_What you are asked to do_:
All entries below are to be set down again, identical to the source.

[Information shown Boundary: Start]

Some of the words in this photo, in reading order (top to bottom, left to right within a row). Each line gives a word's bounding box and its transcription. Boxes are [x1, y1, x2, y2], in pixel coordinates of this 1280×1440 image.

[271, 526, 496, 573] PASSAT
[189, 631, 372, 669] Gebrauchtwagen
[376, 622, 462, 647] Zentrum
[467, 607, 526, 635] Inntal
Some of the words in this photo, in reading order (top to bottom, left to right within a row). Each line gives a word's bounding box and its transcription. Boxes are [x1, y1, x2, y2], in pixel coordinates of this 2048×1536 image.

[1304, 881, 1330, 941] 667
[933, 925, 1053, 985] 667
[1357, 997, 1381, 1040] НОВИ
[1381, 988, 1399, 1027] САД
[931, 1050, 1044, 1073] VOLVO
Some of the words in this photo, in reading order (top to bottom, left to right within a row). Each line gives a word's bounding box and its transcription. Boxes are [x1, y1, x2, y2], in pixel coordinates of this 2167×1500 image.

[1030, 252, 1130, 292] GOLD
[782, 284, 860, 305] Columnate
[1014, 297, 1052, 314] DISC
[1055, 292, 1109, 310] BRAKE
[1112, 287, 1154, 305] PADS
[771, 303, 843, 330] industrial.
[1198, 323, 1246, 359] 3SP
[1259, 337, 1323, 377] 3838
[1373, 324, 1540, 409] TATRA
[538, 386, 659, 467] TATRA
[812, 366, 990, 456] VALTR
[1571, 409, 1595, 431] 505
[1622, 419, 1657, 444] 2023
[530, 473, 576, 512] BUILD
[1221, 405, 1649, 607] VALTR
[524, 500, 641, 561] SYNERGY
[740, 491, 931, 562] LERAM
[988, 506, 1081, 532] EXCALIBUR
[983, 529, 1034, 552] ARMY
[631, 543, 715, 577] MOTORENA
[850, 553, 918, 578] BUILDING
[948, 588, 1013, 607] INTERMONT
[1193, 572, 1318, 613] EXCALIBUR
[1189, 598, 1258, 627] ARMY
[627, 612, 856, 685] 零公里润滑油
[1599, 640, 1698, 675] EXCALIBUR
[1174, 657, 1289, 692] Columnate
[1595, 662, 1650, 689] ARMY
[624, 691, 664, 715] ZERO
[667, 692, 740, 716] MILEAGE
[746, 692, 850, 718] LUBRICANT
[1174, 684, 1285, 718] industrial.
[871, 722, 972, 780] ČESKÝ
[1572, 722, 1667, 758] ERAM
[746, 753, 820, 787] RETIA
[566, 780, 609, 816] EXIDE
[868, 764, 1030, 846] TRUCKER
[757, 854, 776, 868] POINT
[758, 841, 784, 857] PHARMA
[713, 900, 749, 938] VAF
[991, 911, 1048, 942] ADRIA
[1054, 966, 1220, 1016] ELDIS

[Information shown Boundary: End]

_Answer to this task_:
Some of the words in this photo, in reading order (top to bottom, left to right within a row). Each line gives a word's bounding box and its transcription. Boxes are [x1, y1, x2, y2], in pixel coordinates of this 1280×1440 image.

[271, 526, 496, 573] PASSAT
[189, 631, 372, 669] Gebrauchtwagen
[376, 622, 462, 647] Zentrum
[467, 607, 526, 635] Inntal
Some of the words in this photo, in reading order (top to bottom, left to right within a row). Each line gives a word's bounding box and its transcription. Boxes are [x1, y1, x2, y2], in pixel coordinates of this 2048×1536 image.

[1304, 881, 1330, 941] 667
[933, 925, 1053, 985] 667
[1357, 997, 1381, 1040] НОВИ
[1381, 988, 1399, 1027] САД
[931, 1050, 1044, 1073] VOLVO
Some of the words in this photo, in reading order (top to bottom, left to right within a row). Each line gives a word's bounding box and its transcription. Boxes are [x1, y1, x2, y2], in pixel coordinates of this 2167×1500 image.

[1030, 252, 1130, 292] GOLD
[782, 284, 860, 305] Columnate
[1014, 297, 1052, 314] DISC
[1055, 292, 1109, 310] BRAKE
[1112, 287, 1154, 305] PADS
[771, 303, 843, 330] industrial.
[1198, 323, 1246, 359] 3SP
[1259, 337, 1323, 377] 3838
[1373, 324, 1540, 409] TATRA
[538, 386, 659, 467] TATRA
[812, 366, 990, 456] VALTR
[1571, 409, 1595, 431] 505
[1622, 419, 1657, 444] 2023
[530, 473, 576, 512] BUILD
[1221, 405, 1649, 607] VALTR
[524, 500, 641, 561] SYNERGY
[740, 491, 931, 562] LERAM
[988, 506, 1081, 532] EXCALIBUR
[983, 529, 1034, 552] ARMY
[631, 543, 715, 577] MOTORENA
[850, 553, 918, 578] BUILDING
[948, 588, 1013, 607] INTERMONT
[1193, 572, 1318, 613] EXCALIBUR
[1189, 598, 1258, 627] ARMY
[627, 612, 856, 685] 零公里润滑油
[1599, 640, 1698, 675] EXCALIBUR
[1174, 657, 1289, 692] Columnate
[1595, 662, 1650, 689] ARMY
[624, 691, 664, 715] ZERO
[667, 692, 740, 716] MILEAGE
[746, 692, 850, 718] LUBRICANT
[1174, 684, 1285, 718] industrial.
[871, 722, 972, 780] ČESKÝ
[1572, 722, 1667, 758] ERAM
[746, 753, 820, 787] RETIA
[566, 780, 609, 816] EXIDE
[868, 764, 1030, 846] TRUCKER
[757, 854, 776, 868] POINT
[758, 841, 784, 857] PHARMA
[713, 900, 749, 938] VAF
[991, 911, 1048, 942] ADRIA
[1054, 966, 1220, 1016] ELDIS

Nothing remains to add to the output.